For details, refer to [sklearn.model_selection.RandomizedSearchCV](https://scikit-learn.org/stable/modules/generated/sklearn.model_selection.RandomizedSearchCV.html).


## Sources:
New part
* [Fine-tuning machine learning models via grid search](https://render.githubusercontent.com/view/ipynb?commit=1b01e733d15a1808ebdb0e07e46dbb9cb1634323&enc_url=68747470733a2f2f7261772e67697468756275736572636f6e74656e742e636f6d2f72617362742f707974686f6e2d6d616368696e652d6c6561726e696e672d626f6f6b2d326e642d65646974696f6e2f316230316537333364313561313830386562646230653037653436646262396362313633343332332f636f64652f636830362f636830362e6970796e62&nwo=rasbt%2Fpython-machine-learning-book-2nd-edition&path=code%2Fch06%2Fch06.ipynb&repository_id=81413897&repository_type=Repository#Fine-tuning-machine-learning-models-via-grid-search)

Related parts
* [Debugging algorithms with learning and validation curves](https://render.githubusercontent.com/view/ipynb?commit=1b01e733d15a1808ebdb0e07e46dbb9cb1634323&enc_url=68747470733a2f2f7261772e67697468756275736572636f6e74656e742e636f6d2f72617362742f707974686f6e2d6d616368696e652d6c6561726e696e672d626f6f6b2d326e642d65646974696f6e2f316230316537333364313561313830386562646230653037653436646262396362313633343332332f636f64652f636830362f636830362e6970796e62&nwo=rasbt%2Fpython-machine-learning-book-2nd-edition&path=code%2Fch06%2Fch06.ipynb&repository_id=81413897&repository_type=Repository#Debugging-algorithms-with-learning-and-validation-curves)
* [Streamlining workflows with pipelines](https://render.githubusercontent.com/view/ipynb?commit=1b01e733d15a1808ebdb0e07e46dbb9cb1634323&enc_url=68747470733a2f2f7261772e67697468756275736572636f6e74656e742e636f6d2f72617362742f707974686f6e2d6d616368696e652d6c6561726e696e672d626f6f6b2d326e642d65646974696f6e2f316230316537333364313561313830386562646230653037653436646262396362313633343332332f636f64652f636830362f636830362e6970796e62&nwo=rasbt%2Fpython-machine-learning-book-2nd-edition&path=code%2Fch06%2Fch06.ipynb&repository_id=81413897&repository_type=Repository#Streamlining-workflows-with-pipelines)
* [Using k-fold cross-validation to assess model performance](https://render.githubusercontent.com/view/ipynb?commit=1b01e733d15a1808ebdb0e07e46dbb9cb1634323&enc_url=68747470733a2f2f7261772e67697468756275736572636f6e74656e742e636f6d2f72617362742f707974686f6e2d6d616368696e652d6c6561726e696e672d626f6f6b2d326e642d65646974696f6e2f316230316537333364313561313830386562646230653037653436646262396362313633343332332f636f64652f636830362f636830362e6970796e62&nwo=rasbt%2Fpython-machine-learning-book-2nd-edition&path=code%2Fch06%2Fch06.ipynb&repository_id=81413897&repository_type=Repository#Using-k-fold-cross-validation-to-assess-model-performance)

## Summary
### Part 1: Tuning hyperparameters via grid search
There are two types of parameters related to a model:
* model's weights
* hyperparameters to control model, e.g.

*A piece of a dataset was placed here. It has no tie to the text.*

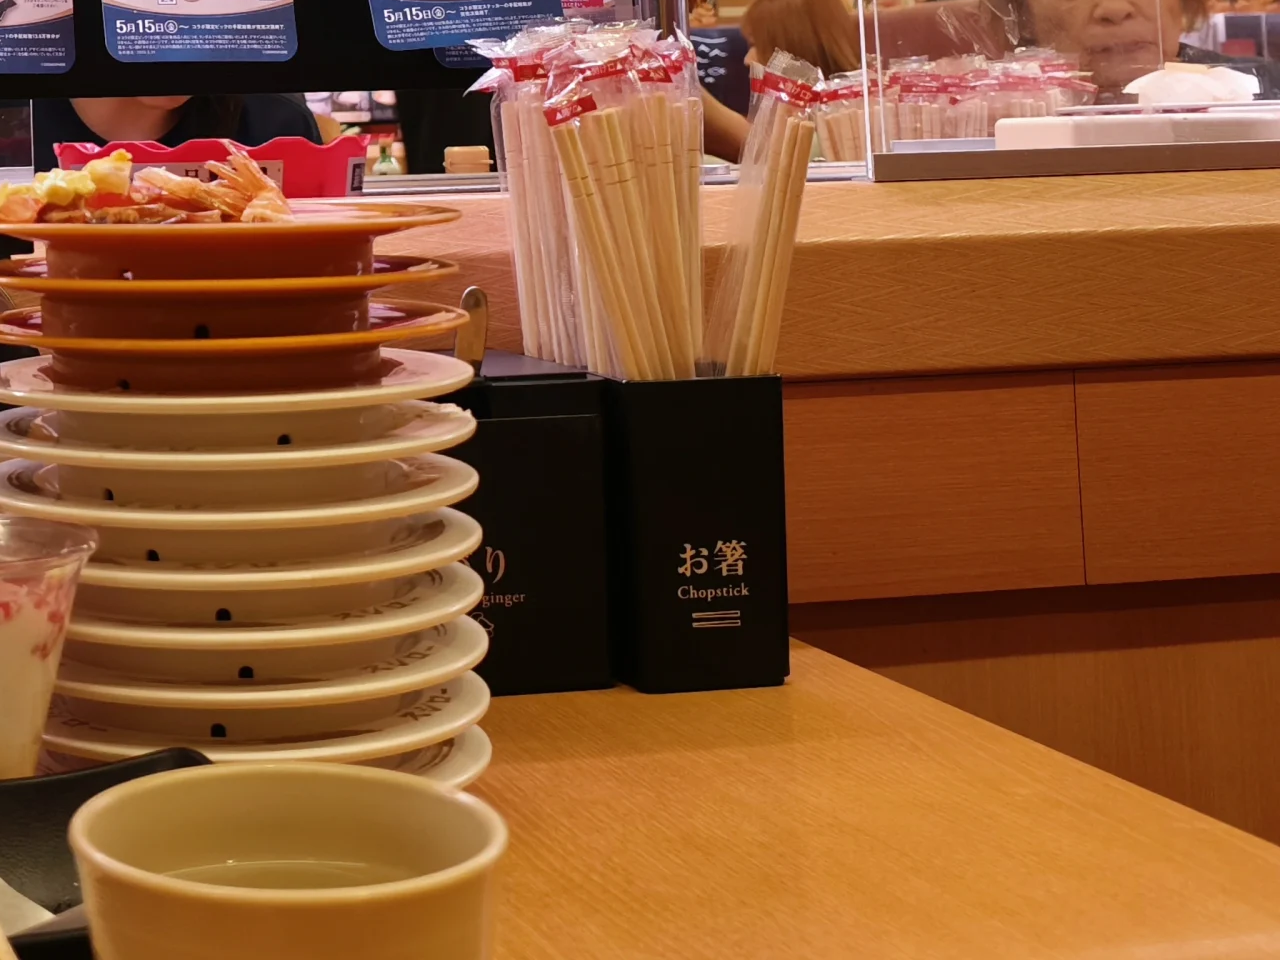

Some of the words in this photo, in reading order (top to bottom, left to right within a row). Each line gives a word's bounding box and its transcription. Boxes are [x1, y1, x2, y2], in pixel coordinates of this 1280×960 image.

[677, 540, 748, 578] お箸
[482, 591, 526, 608] ginger
[677, 583, 750, 601] Chopstick

C of LogisticRegression, depth of Decision Tree

Grid search is an exhaustive search method for the given hyperparameters

## Part 2: Algorithm selection with nested cross-validation
* Nested Cross-Validation Method
* Example of 5-2 Cross validation: 


## Code

## Part 1: Tuning hyperparameters via grid search
### Load the Dataset

In [7]:
import pandas as pd
from sklearn.preprocessing import LabelEncoder
from sklearn.model_selection import train_test_split

# Fetch the dataset
url2breast_cancer_wisconsin_dataset='https://archive.ics.uci.edu/ml/machine-learning-databases/breast-cancer-wisconsin/wdbc.data'
url2dataset = url2breast_cancer_wisconsin_dataset
df = pd.read_csv( url2dataset, header=None )

# Get the actual data & label from the dataset
X = df.loc[:, 2:].values  # actual data
y = df.loc[:, 1].values   # label

# Encode B to 0 and M to 1
le = LabelEncoder()
y  = le.fit_transform(y)

# Split the dataset to train & test data
test_over_train_ratio = 0.2
random_seed = 1
X_train, X_test, y_train, y_test = train_test_split( X, y, test_size=test_over_train_ratio, stratify=y, random_state=random_seed)

### Prepare the Model

In [8]:
from sklearn.pipeline import make_pipeline
from sklearn.preprocessing import StandardScaler
from sklearn.svm import SVC  # Support Vector Machine, Support Vector Classifier

pipe_svc = make_pipeline( StandardScaler(), SVC(random_state=1) )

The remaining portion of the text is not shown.